The annotations are provided as .npy-Files (i.e. Numpy arrays) to be loaded with python. The arrays have the shape
(N, 18)
with the first dimension corresponding to frames of the recording and the second dimension corresponding to different classes. We use a frame-rate of 43,0664 Hz (obtained with a hop size of 512 at a sample rate of 22050Hz). The individual entries in the second dimension correspond to the classes:
Index | Class identifier |
---|---|
00 | INST |
01 | WW |
02 | BR |
03 | TMP |
04 | VOC |
05 | ST |
06 | Fl |
07 | Ob |
08 | Cl |
09 | Bn |
10 | Hn |
11 | Tpt |
12 | Fe |
13 | Ma |
14 | Vn |
15 | Va |
16 | Vc |
17 | Db |
(see the paper for explanations of the identifiers)
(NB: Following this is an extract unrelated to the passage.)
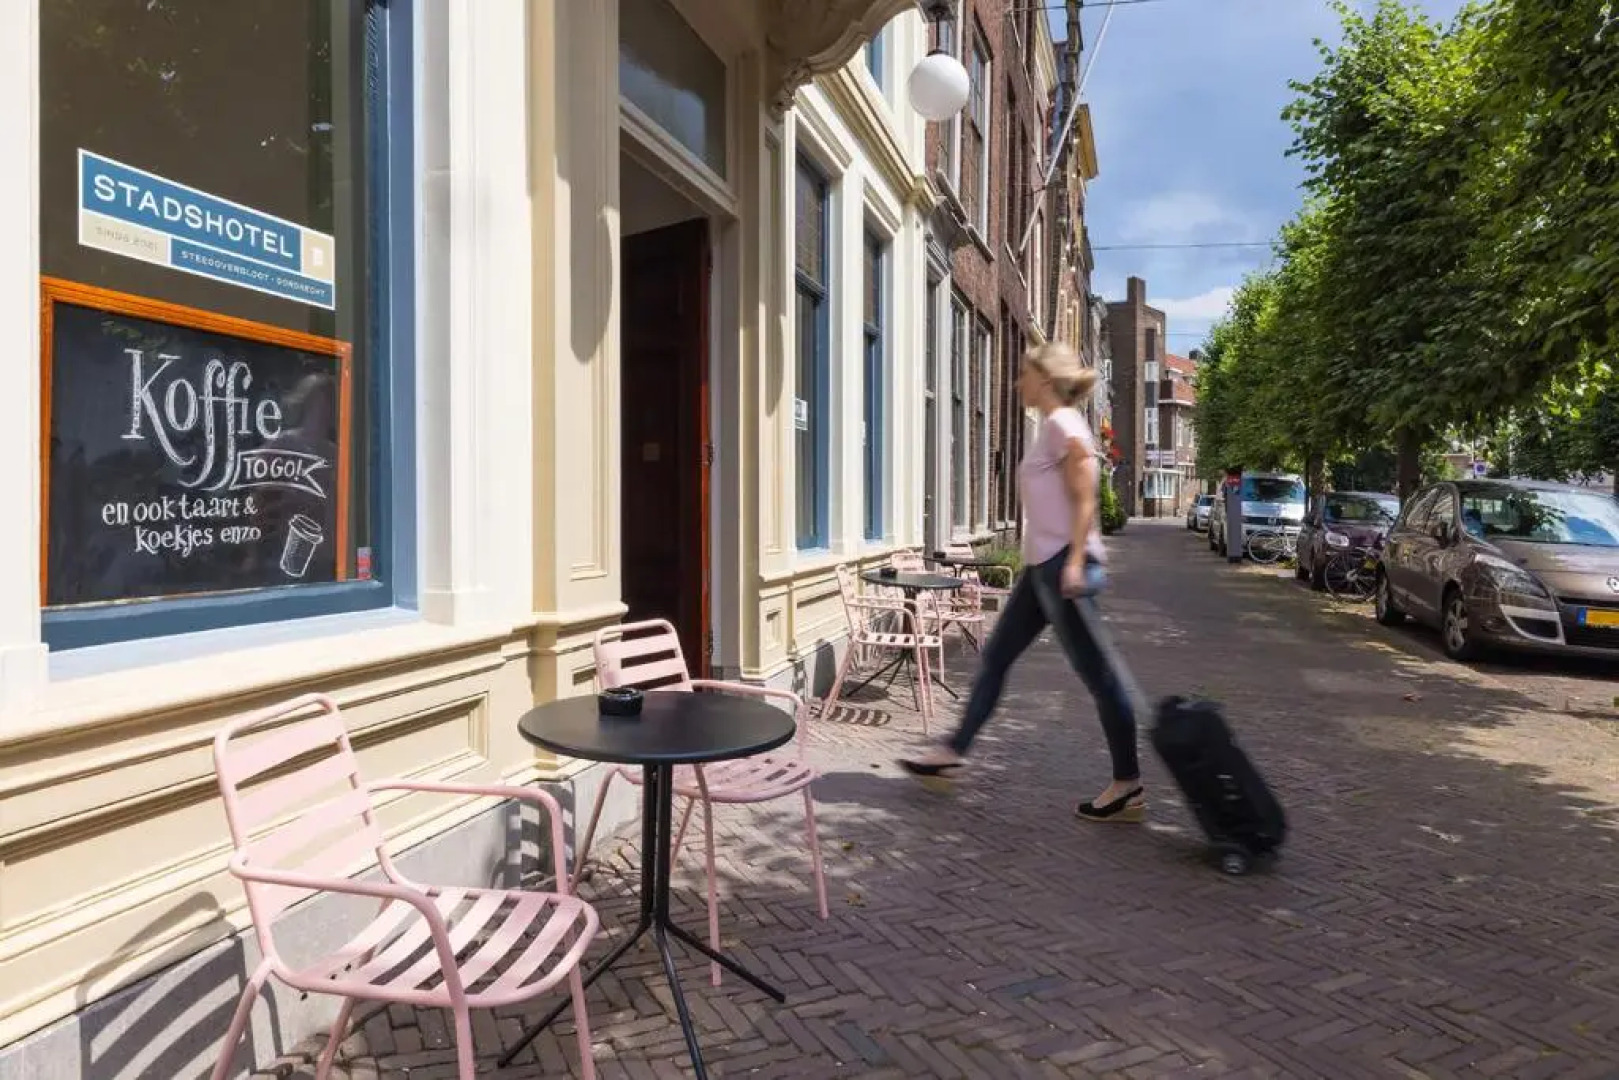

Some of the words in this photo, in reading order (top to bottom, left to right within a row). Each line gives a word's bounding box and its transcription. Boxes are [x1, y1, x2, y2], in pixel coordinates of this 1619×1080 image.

The .npy-Files follow the naming convention
(Subset)_(Composer)_(Work)_V(Version).npy
where
See also the paper for a description of the recordings in this dataset.
So, for example, the file
Ours_Tschaikowsky_ViolinConcertoMvmt1_V3.npy
contains annotations for the third version of the first movement of Tschaikowsky's Violin Concerto.
FreischuetzDigital, PhenicxAnechoic and BeethovenAnechoic each contain only one version of the pieces played. For FreischuetzDigital, we use the stereo mixtures as provided in the dataset. For PhenicxAnechoic and BeethovenAnechoic, we obtain stereo mixes by simply summing the tracks for different instruments in the dataset, applying a simple reverb filter, and normalizing.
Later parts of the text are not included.